The printing press was invented in Germany around 1440, and by 1476 had even been brought to the relative backwater of England, by a man named William Caxton. The guests on the episode of In Our Time that talked about this were Richard Gameson (University of Durham), Julia Boffey (Queen Mary, University of London) and David Rundle (University of Oxford). I’d heard of Caxton before, because he’s the subject of one of the mini biographies in a book I read earlier this year (“Renaissance People” ed. Robert C. Davis & Beth Lindsmith), but didn’t know much about him.
He was in his 40s by the time he became a printer – prior to that he was a mercer, that is a merchant involved in the cloth trade. He was clearly of some importance, he spent time in Bruges (in Burgundy) as the Governor of the Company of Merchant Adventurers of London in Bruges (I think I have the title right) – basically the representative of all the London merchants to the officials in the city & to the other trading nations there. They got side-tracked when talking about it, so I’m not quite sure why Caxton left Bruges and why he changed career, but in his 40s that is what he did. Moving first to Cologne where he got involved in the new trade of printing, then he went back to Bruges (probably) and proceeded to set up shop printing not just Latin & French books (which would have an international readership) but also books in English for import into England (and pretty much nowhere else, because English wasn’t an international language).
He then moved to Westminster, where he set up shop as the first printer in England (and he remained the only English printer for some time, other printers were of continental origin). They spent a while discussing why Westminster and not London (and as always I was momentarily taken aback that they aren’t the same place – I know this, but I have to remind myself every time). Partly it seems because there was already a book trade in the city of Westminster, so selling print books as well as manuscripts was in some ways more of the same and your customers would already be there. Partly because Westminster had the Abbey and all the religious related printing needs (like indulgences). Partly because the niche that Caxton was trying to fit into was more Westminster oriented than City of London oriented – he wasn’t doing legal documents and such, or pamphlets, he was primarily printing books. And partly because there were taxes and restrictions on who could produce books in the City of London, so setting up shop outside gave him more freedom (and lower bills).
So Caxton’s clientèle were primarily the religious institutions and the nobility – and a large part of what he printed was books in English, which was unusual. He is most remembered for his editions of Chaucer’s Canterbury Tales, and they spent a while talking about that on the programme. Caxton is credited with helping to cement Chaucer’s status as the première English writer, but they were pointing out that this wasn’t a new thing that Caxton did, he was very much building up an existing reputation (partly as a way of marketing his editions of the books).

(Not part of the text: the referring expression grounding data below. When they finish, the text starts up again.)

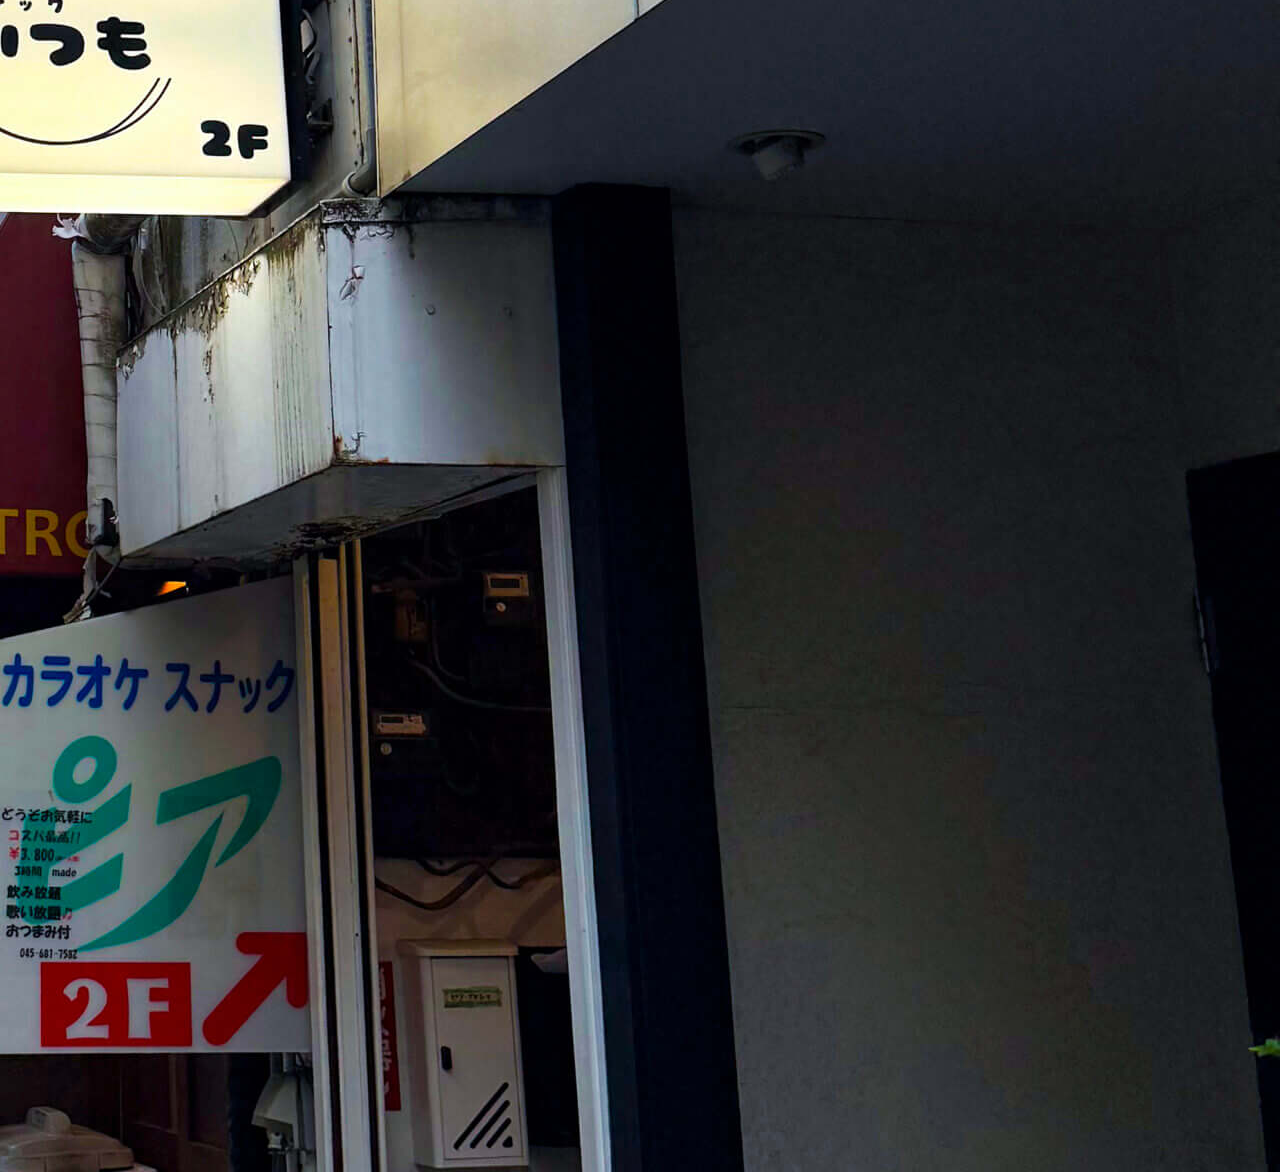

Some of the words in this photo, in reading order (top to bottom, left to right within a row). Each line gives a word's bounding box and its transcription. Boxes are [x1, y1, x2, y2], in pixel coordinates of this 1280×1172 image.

[201, 120, 268, 159] 2F
[1, 654, 147, 710] カラオケ
[164, 659, 295, 714] スナック
[17, 735, 282, 952] ピア
[52, 868, 77, 878] made
[6, 924, 71, 939] おつまみ付
[62, 976, 170, 1040] 2F

Caxton is also credited with starting the standardisation of written English. But the guests on this programme were pretty clear that this wasn’t really the case – yes, printed books did do this (because you didn’t have local scribes copying texts with their local spelling, everyone bought the same edition) but Caxton himself didn’t really have much to do with it. They seemed clear that he did edit things, but was inconsistent within his own works. Also early printed books actually used the vagaries of spelling to their advantage, which I didn’t know before! So if it was more convenient to have a few letters more on a line to make the edges line up nicely then the typesetter would sprinkle a few “e”s on the ends of words, or double a letter or two. Or if you need some less, perhaps you’d take out a “u” or two.

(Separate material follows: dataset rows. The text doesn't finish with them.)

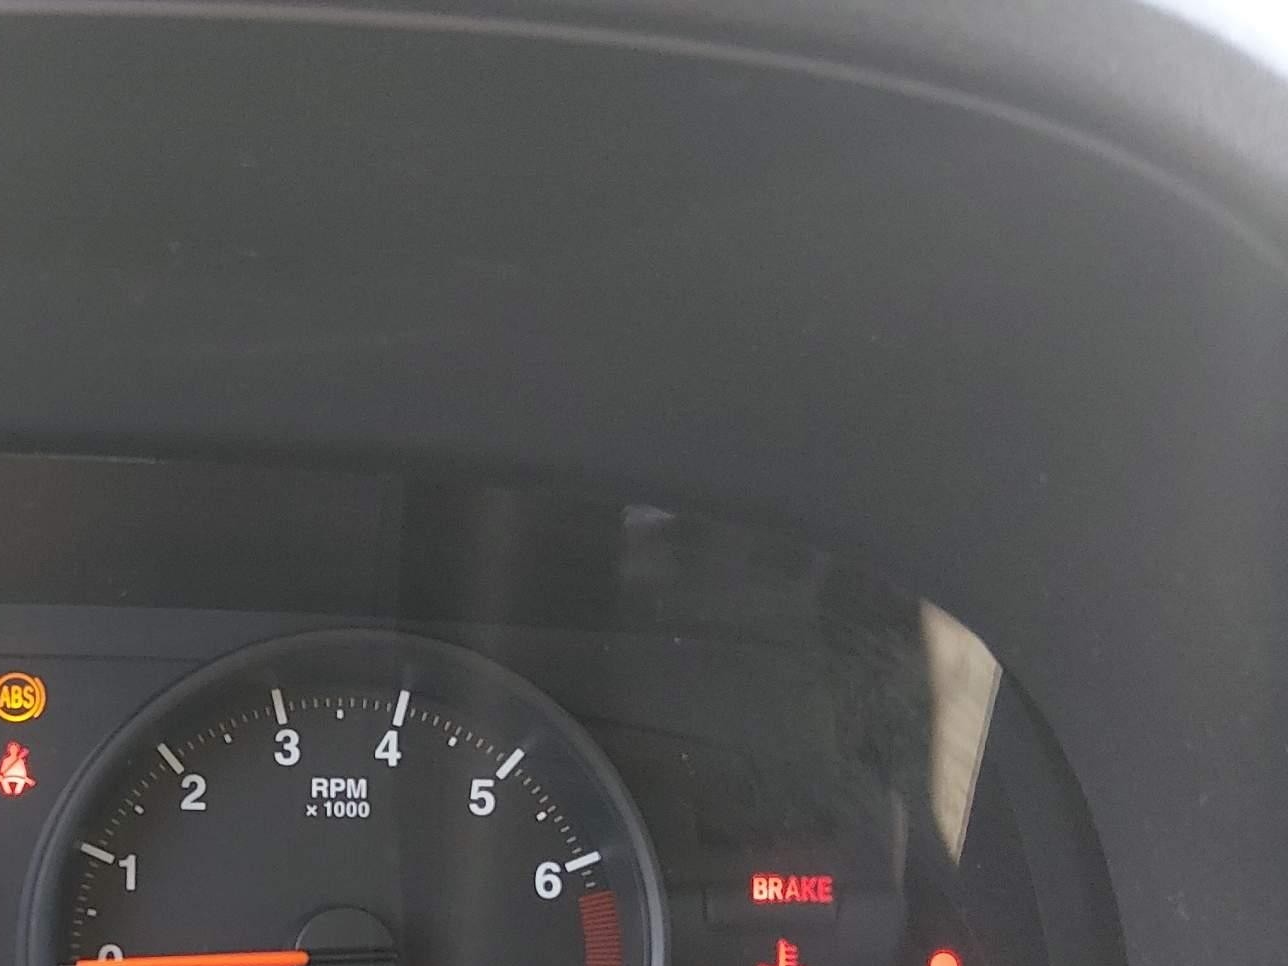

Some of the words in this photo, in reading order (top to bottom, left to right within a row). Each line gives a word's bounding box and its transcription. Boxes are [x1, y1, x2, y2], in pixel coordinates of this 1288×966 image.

[0, 685, 35, 709] ABS
[274, 729, 300, 766] 3
[375, 731, 401, 767] 4
[181, 775, 206, 811] 2
[312, 779, 367, 799] RPM
[469, 779, 495, 816] 5
[322, 801, 369, 819] 1000
[118, 855, 136, 890] 1
[535, 862, 562, 899] 6
[753, 874, 832, 902] BRAKE

A lot of what is known about Caxton comes from his editorial work, in particular the prologues & epilogues that he added to his books. They did stress, however, that these are often full of clichés so need to be taken with a large pinch of salt. He was clearly good at being a publisher/editor/printer though, because he didn’t go bankrupt which a lot of early printers did. This was due to the high start up costs (you need all the equipment) and because you needed to figure out how many copies of something you wanted in advance, guessing demand right could make the difference between staying in business or going bankrupt. Caxton clearly did, as his business was inherited after his death by his foreman, who gradually moved towards printing things for the legal trade and printing pamphlets. And after a while he moved the business to the City of London – to Fleet Street.
The three guests all seemed very enthusiastic about the subject, and all keen to have their say on every bit, but I did end up feeling a little sorry for Julia Boffey who got talked over more than once. She’d start making a point and one of the others would jump in and she’d be reduced to saying “yes, yes” while they talked.